-------- PROVIDED INFORMATION --------

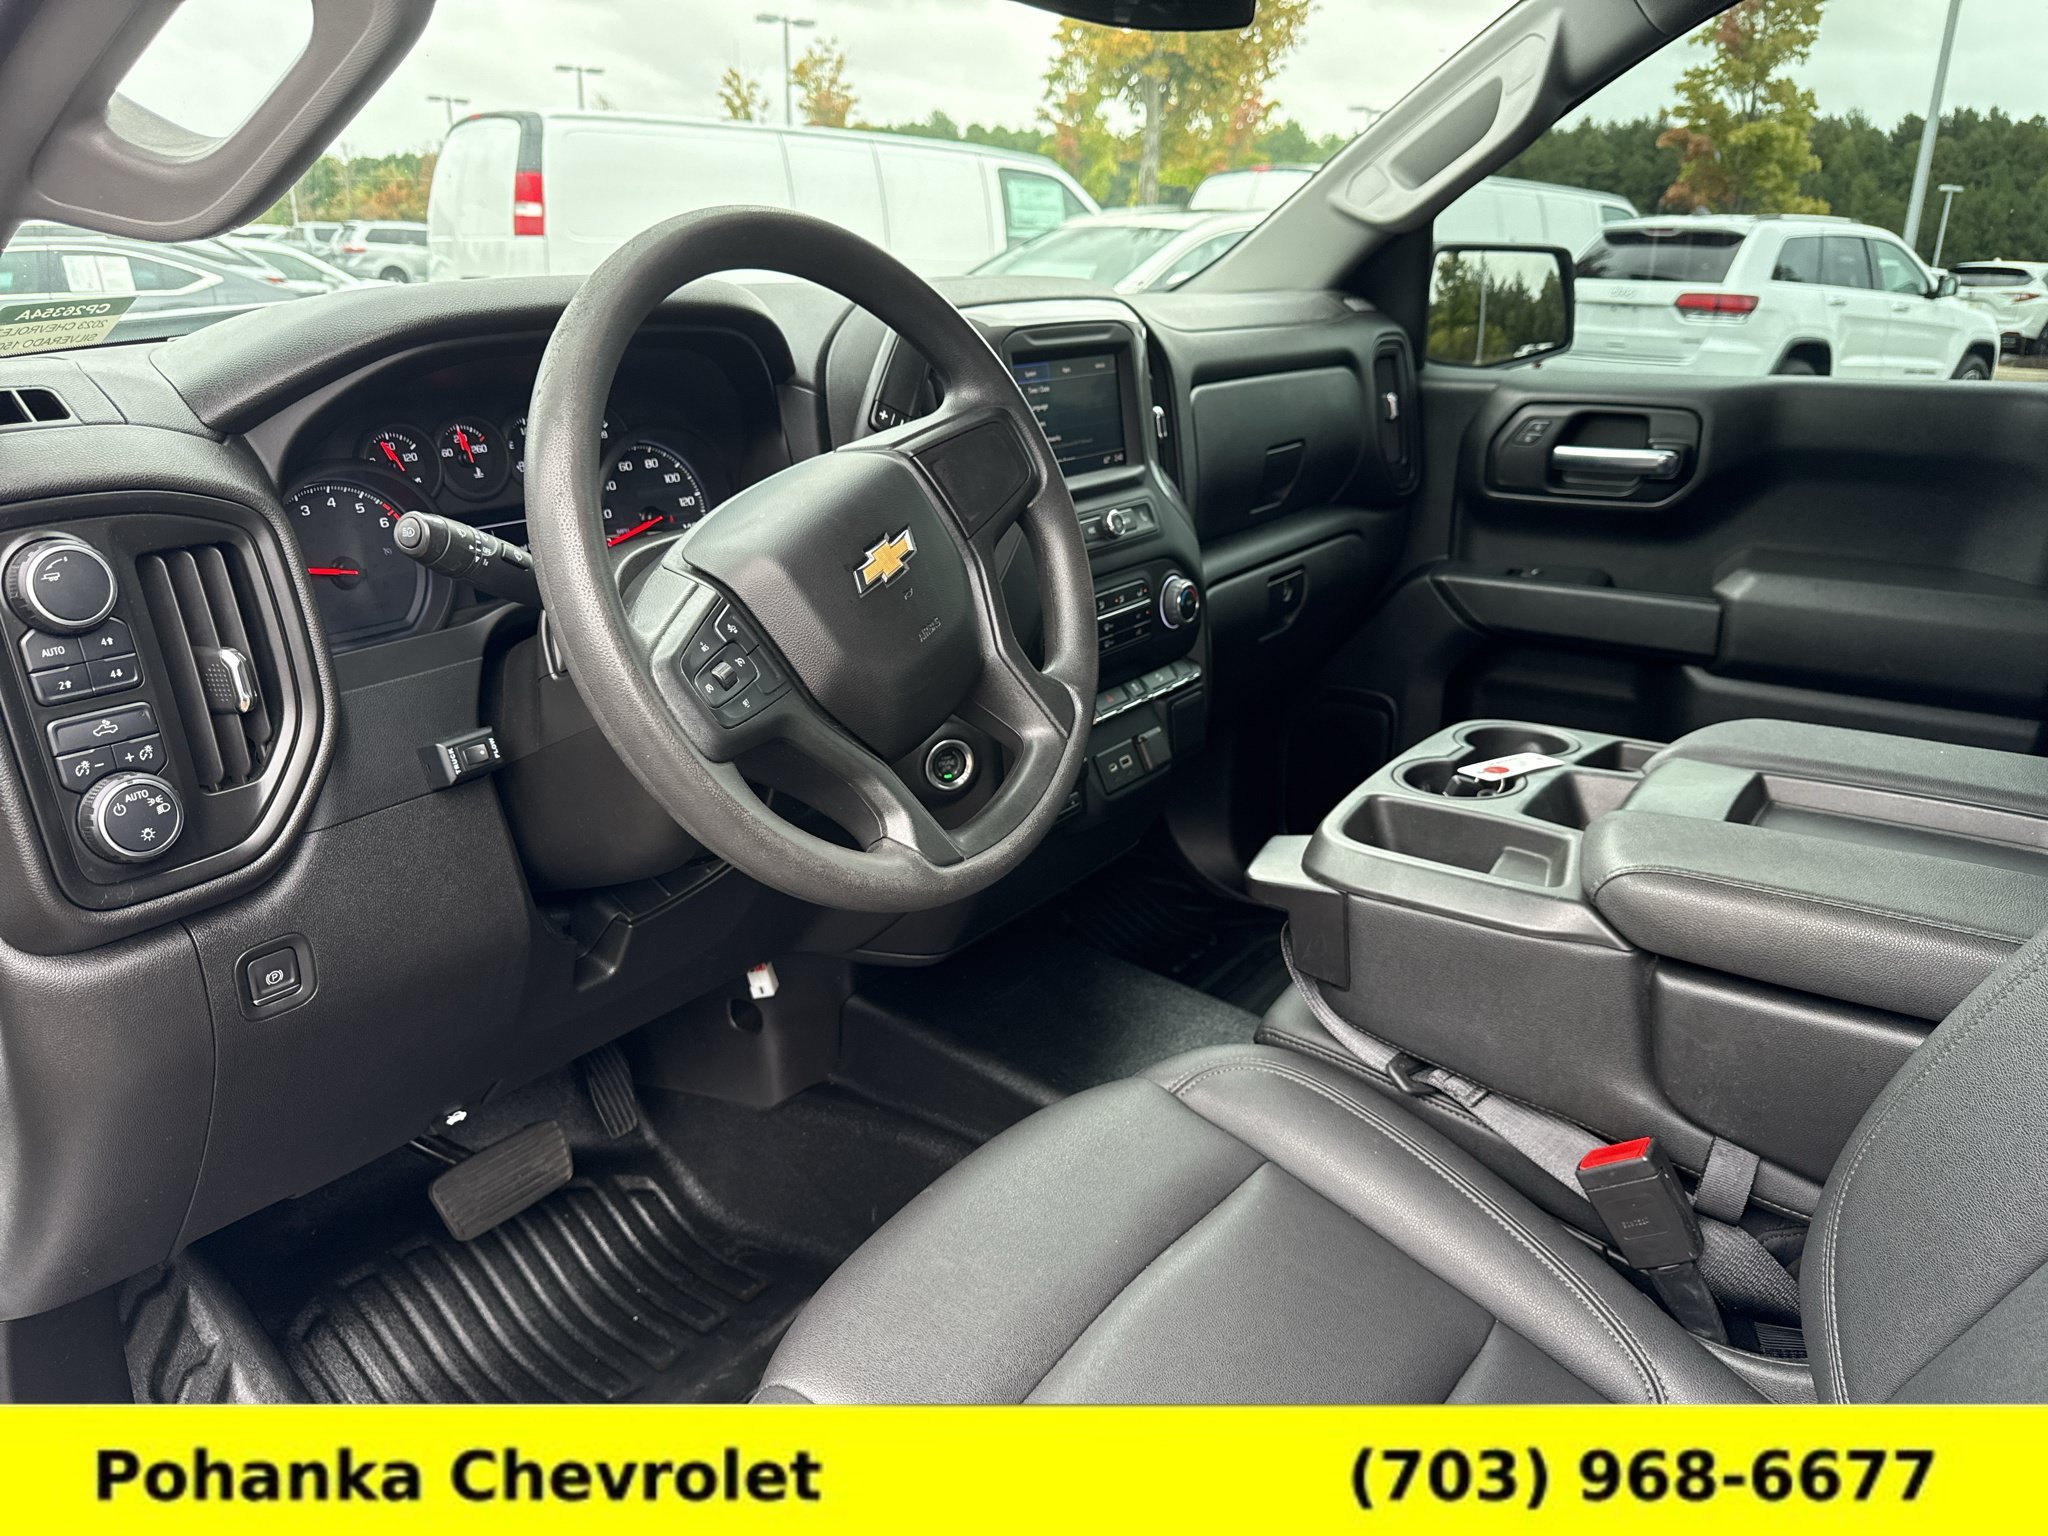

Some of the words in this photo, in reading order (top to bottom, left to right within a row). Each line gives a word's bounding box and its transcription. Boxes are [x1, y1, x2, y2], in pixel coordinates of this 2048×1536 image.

[402, 452, 418, 462] 120
[618, 461, 633, 472] 60
[644, 458, 659, 469] 80
[664, 473, 681, 484] 100
[326, 497, 337, 508] 4
[679, 496, 695, 507] 120
[300, 505, 311, 517] 3
[354, 502, 366, 514] 5
[379, 517, 390, 529] 6
[41, 645, 66, 659] AUTO
[125, 789, 149, 803] AUTO
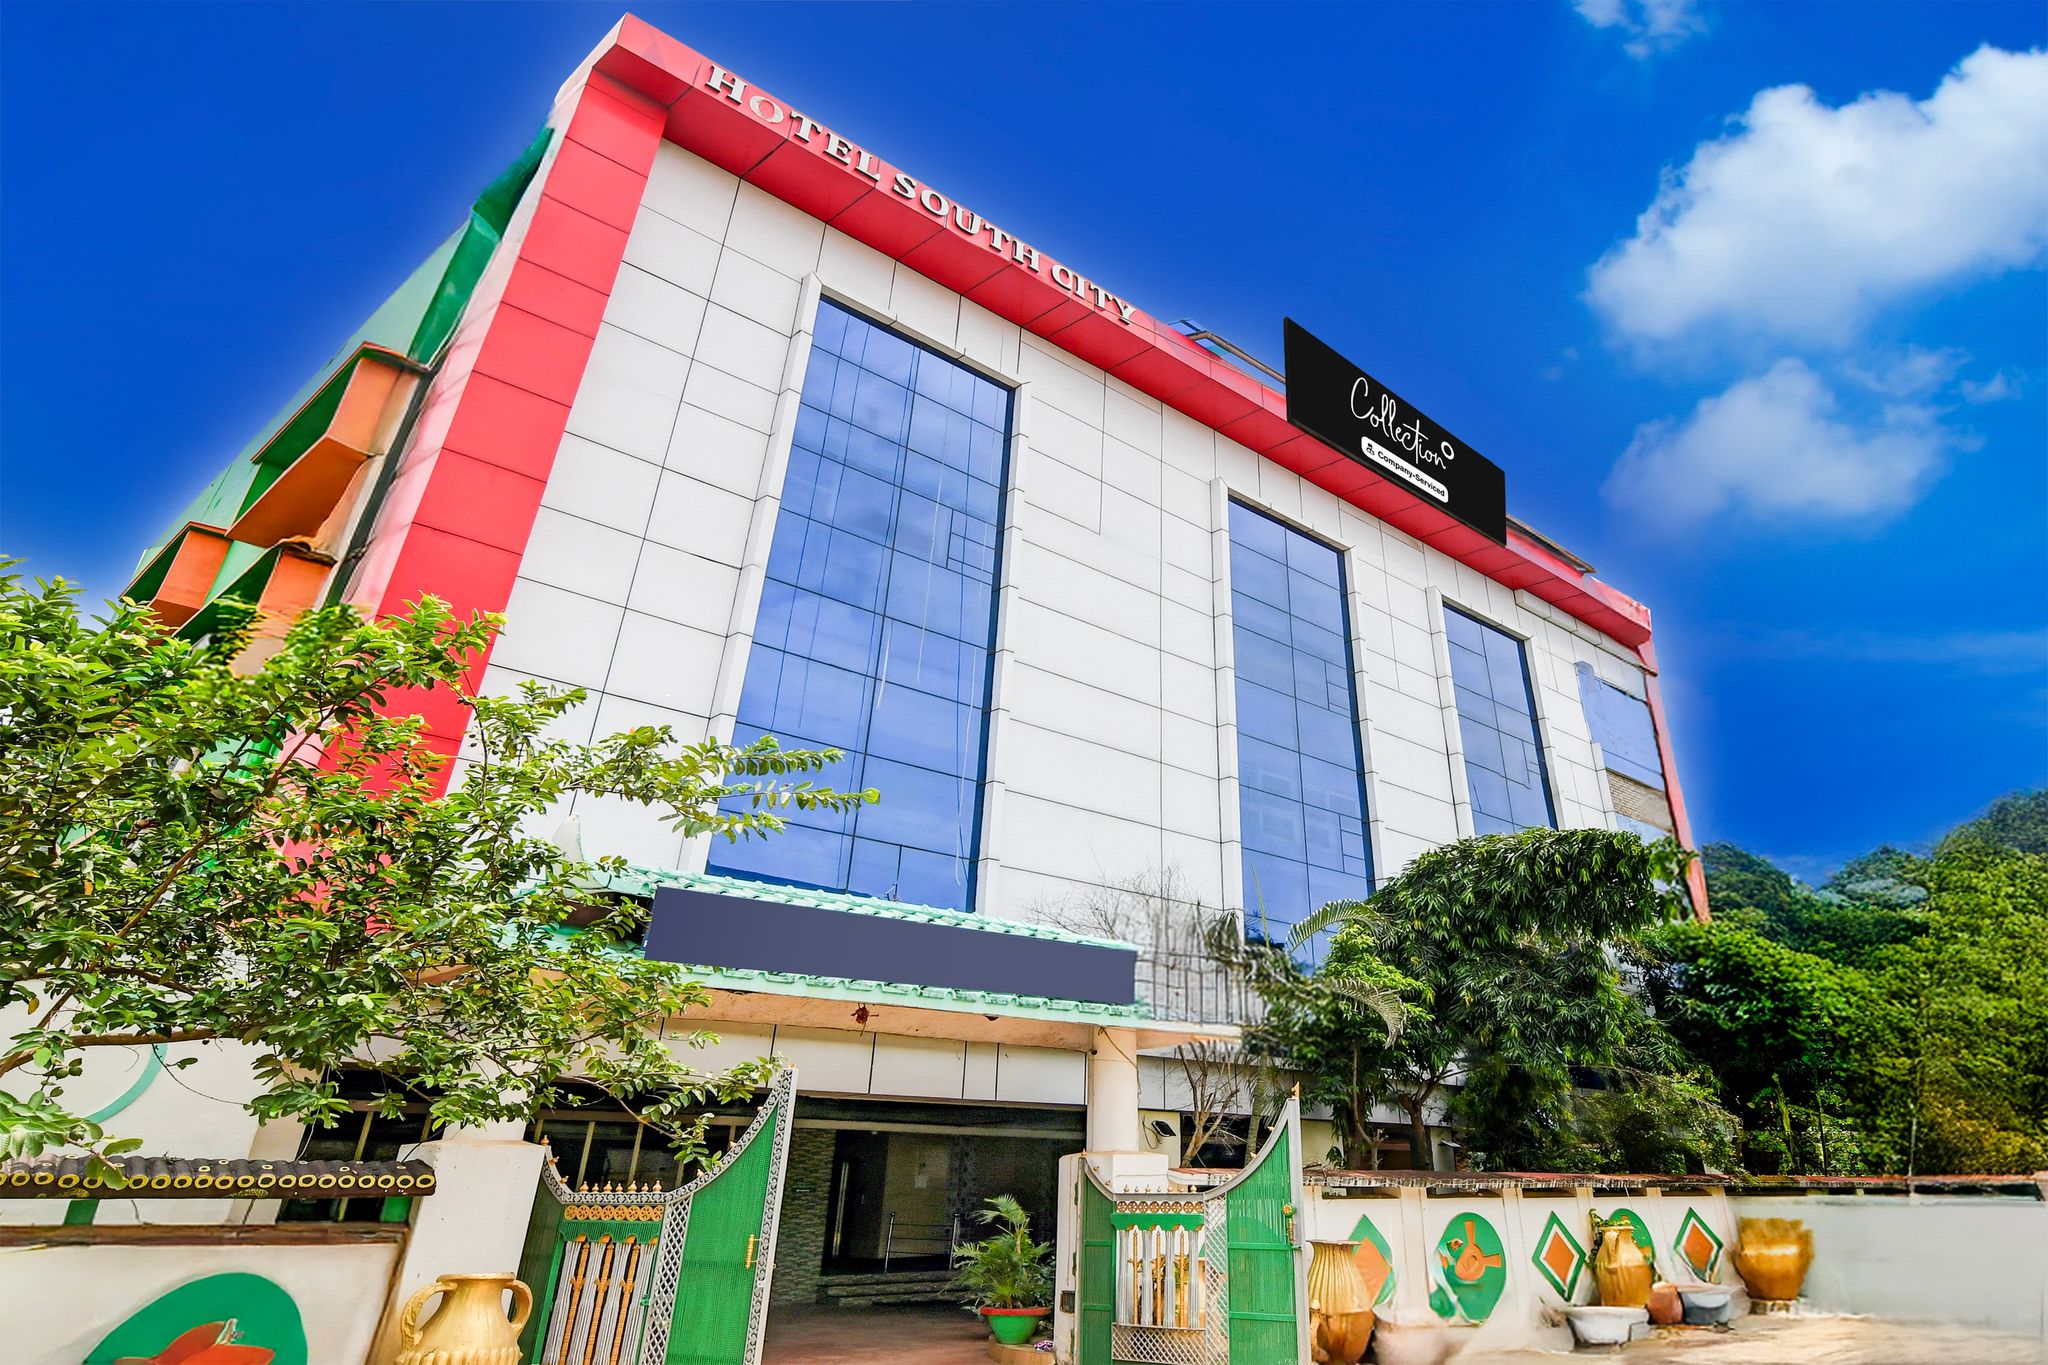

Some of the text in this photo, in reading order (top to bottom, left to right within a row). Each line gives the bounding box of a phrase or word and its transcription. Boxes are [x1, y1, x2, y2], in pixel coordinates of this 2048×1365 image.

[705, 64, 1137, 325] HOTEL SOUTH CITY
[1351, 377, 1446, 469] Collection
[1377, 451, 1445, 497] Company-Serviced
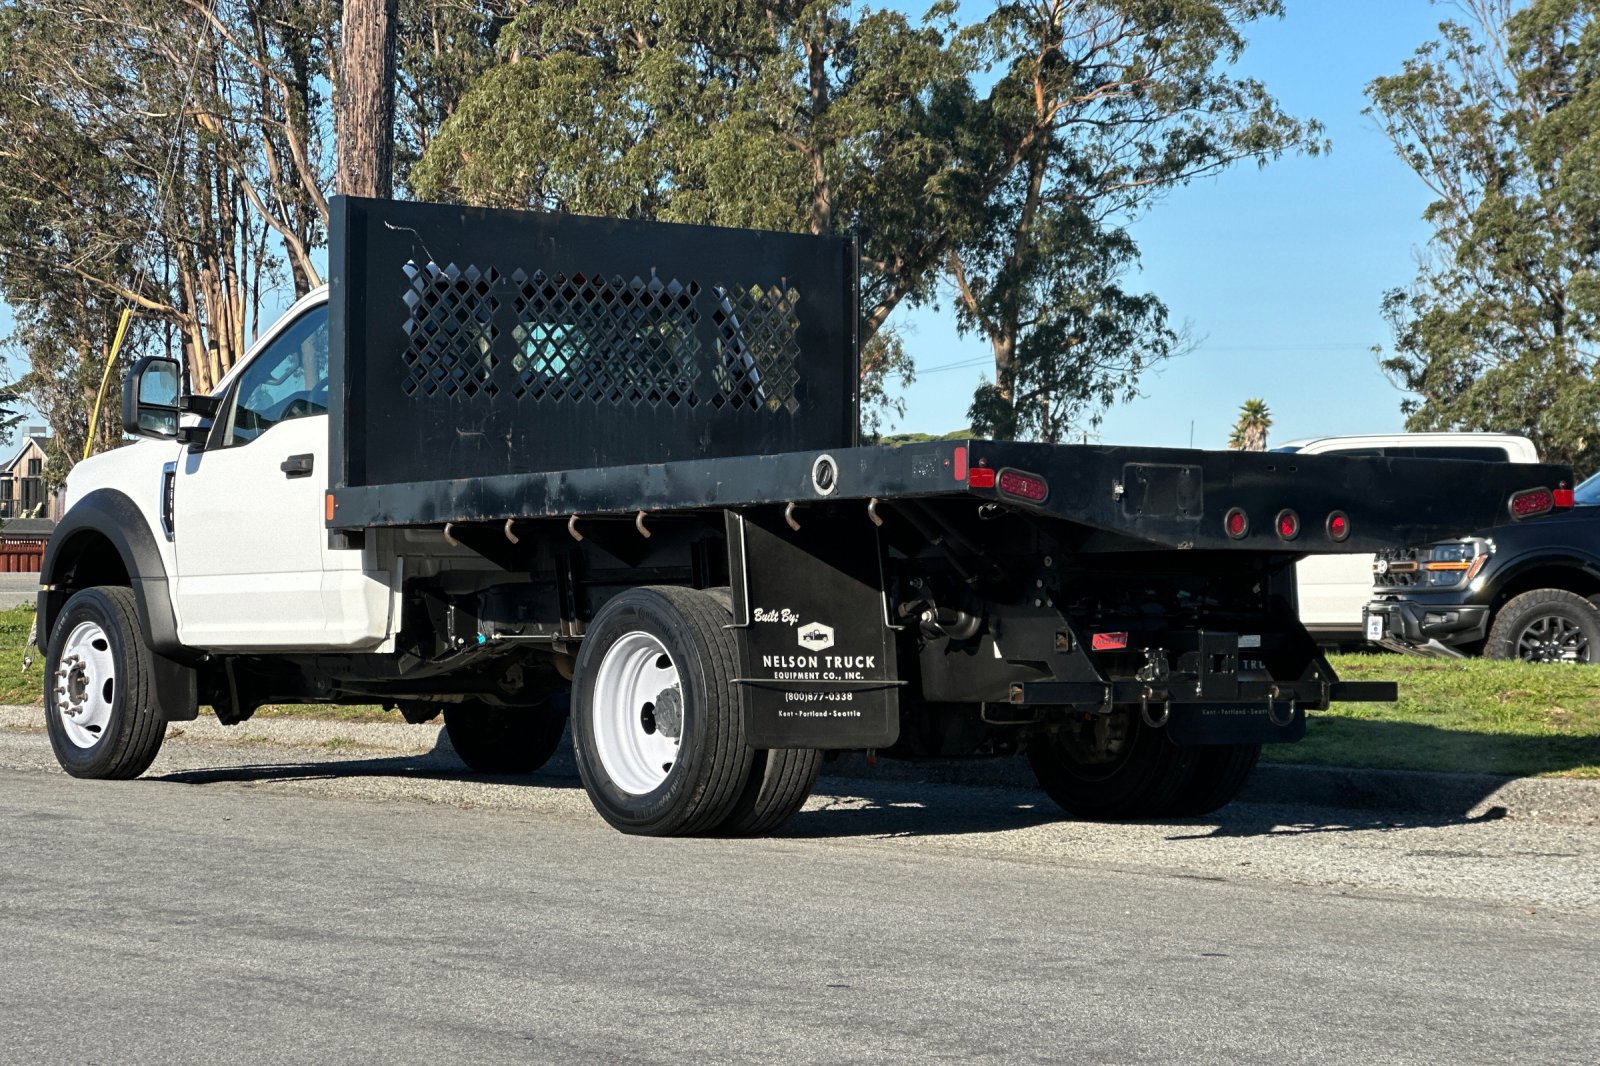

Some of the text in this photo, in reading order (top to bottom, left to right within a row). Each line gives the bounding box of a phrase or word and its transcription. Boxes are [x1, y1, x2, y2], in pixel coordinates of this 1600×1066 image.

[754, 608, 799, 626] Built By:
[763, 655, 876, 668] NELSON TRUCK
[774, 672, 865, 681] EQUIPMENT CO., INC.

--------

Your task is to retype all the entries exactly and leave out any pictures.

Some of the words in this photo, in reading order (top to bottom, left to right within a row). Each line gives a word's bounding box and its transcription. Boxes are [x1, y1, x2, y2], in pixel coordinates of this 2048×1536 image.

[402, 452, 418, 462] 120
[618, 461, 633, 472] 60
[644, 458, 659, 469] 80
[664, 473, 681, 484] 100
[326, 497, 337, 508] 4
[679, 496, 695, 507] 120
[300, 505, 311, 517] 3
[354, 502, 366, 514] 5
[379, 517, 390, 529] 6
[41, 645, 66, 659] AUTO
[125, 789, 149, 803] AUTO

Some of the text in this photo, in reading order (top to bottom, left to right within a row). Each line gives the bounding box of a phrase or word and its transcription. Boxes are [x1, y1, x2, y2], in pixel coordinates of this 2048×1365 image.

[705, 64, 1137, 325] HOTEL SOUTH CITY
[1351, 377, 1446, 469] Collection
[1377, 451, 1445, 497] Company-Serviced

Some of the text in this photo, in reading order (top to bottom, left to right within a row). Each line gives the bounding box of a phrase or word and its transcription. Boxes are [x1, y1, x2, y2], in pixel coordinates of this 1600×1066 image.

[754, 608, 799, 626] Built By:
[763, 655, 876, 668] NELSON TRUCK
[774, 672, 865, 681] EQUIPMENT CO., INC.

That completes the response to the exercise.